Tras
esforzarse en la ingrata tarea de limpiar los establos de Augías,
Hércules tenía que demostrar, de nuevo al mundo, su fuerza ante
un rival que lo pusiera a prueba. Necesitaba sentirse reconocido por
su fortaleza y bravura y pisotear una vez más los torcidos designios
de Euristeo. Cuando caía la noche, se embozaba en la piel del león
de Nemea, que él mismo había abatido, y sus
ásperas manos acariciaban la digna piel de aquel monstruo derrotado.
Tal
vez impelido por la urgencia, el rey tebano ordenó a nuestro héroe
acabar con una plaga que asediaba los campos colindantes. No se
trataba de las voraces langostas, que periódicamente arrasaban las
cosechas, ni de cualquier otro tipo de insecto o reptil que se
arrastrara por la faz de la tierra. Los cielos de las inmediaciones
del pantano de Estínfalo se oscurecían por la ominosa presencia de
unas enormes bandadas de aves, enormes como grullas y alas, garras y
afilados picos de bronce, capaces de horadar como la punta de una
lanza, la carne de sus víctimas.
No
era de extrañar que estas aves deleznables sembraran el terror en
los campos, ya que no sólo se ensañaban con el ganado, sino que
atacaban a las personas, abatiéndolas sin piedad y devorándolas
sin dejar un solo resto a los mismísimos buitres, que huían
despavoridos. Su pestilente excremento era, además, tan tóxico que
dejaba los campos yermos, sin posibilidad de que nada volviera a
brotar en aquellas tierras desoladas.
Hércules
se dirigió al encuentro de las aves, adentrándose en un terreno
cada vez más blando y pantanoso, en el que se movía con dificultad.

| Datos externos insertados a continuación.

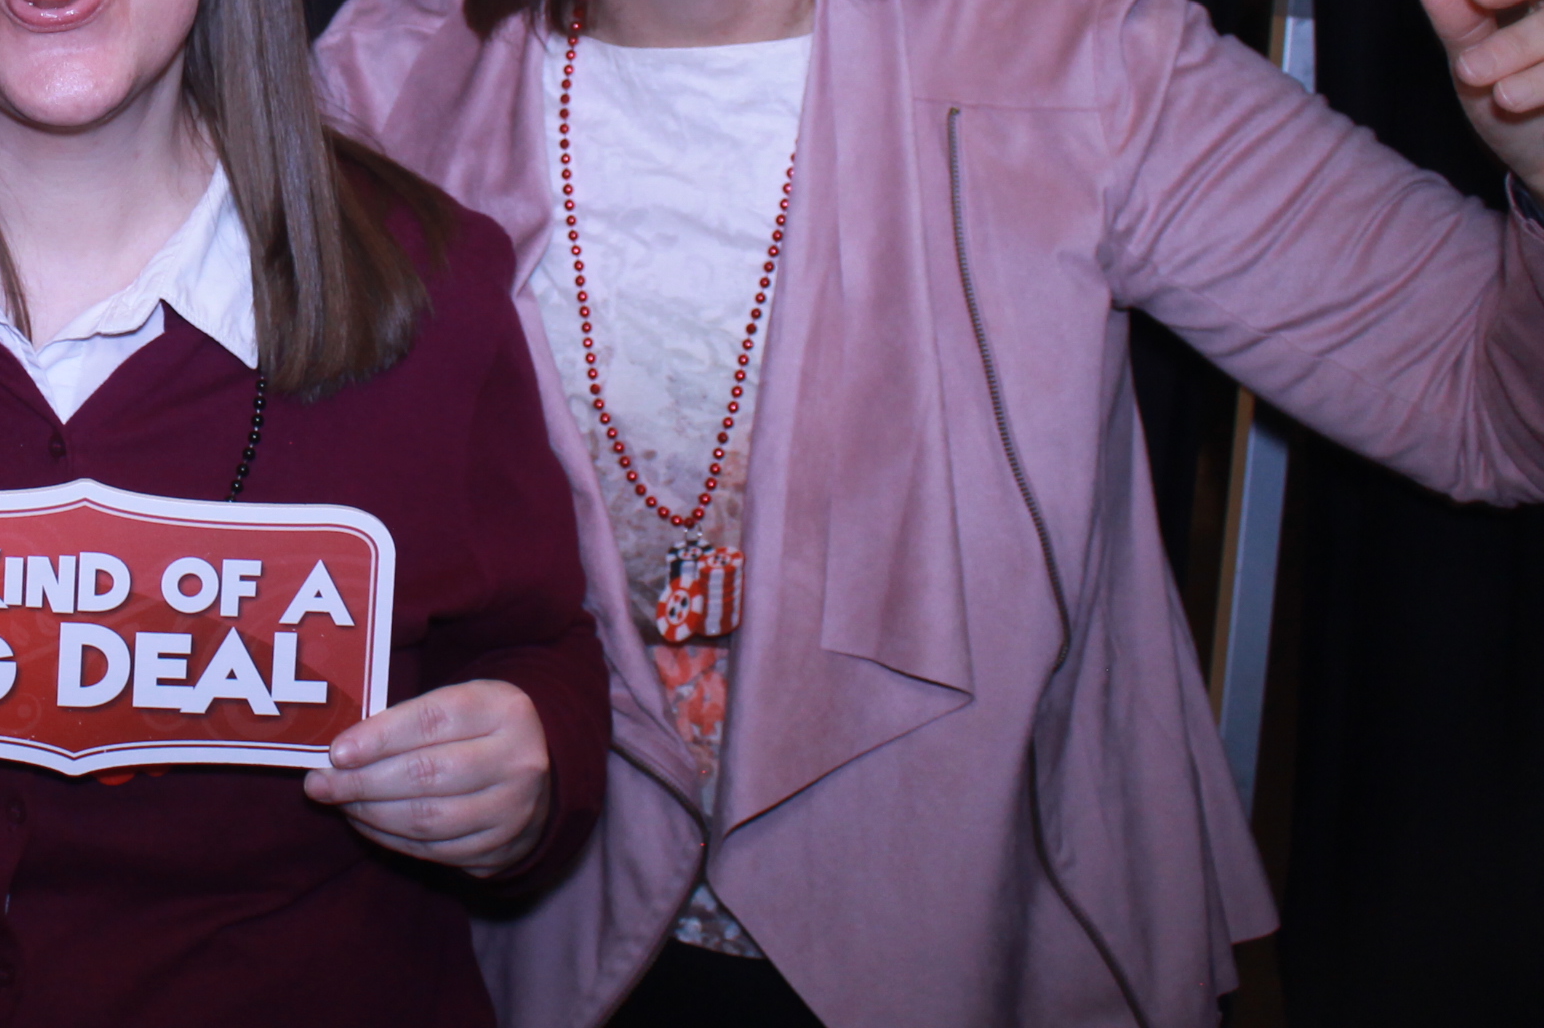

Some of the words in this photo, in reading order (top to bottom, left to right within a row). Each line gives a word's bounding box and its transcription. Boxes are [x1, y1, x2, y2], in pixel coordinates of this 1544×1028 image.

[161, 557, 262, 617] OF
[279, 559, 355, 626] A
[57, 622, 328, 716] DEAL

Era aquel un barrizal en cuyo centro anidaban los pájaros de bronce
y no tardó mucho el esforzado guerrero en tener que detener sus
pasos, ante la imposibilidad de avanzar sin correr el peligro de
quedar atrapado por aquel cieno pestilente. De repente, como si
arrancaran los primeros compases de una sinfonía infernal, se oyó
un murmullo a lo lejos, como un temblor de hojas agitadas por el
viento que se convirtió, al mismo tiempo que el cielo se oscurecía,
en una algarabía ensordecedora de graznidos y batir de alas.
Hércules
tensó el arco, pero entendió que de nada valdría disparar contra
aquella miríada de aves, que se agitaba como una nube centelleante. Hércules se sintió
impotente. El enemigo era tan numeroso que no hubiera hecho más que
desperdiciar las valiosas flechas untadas en la sangre de la hidra.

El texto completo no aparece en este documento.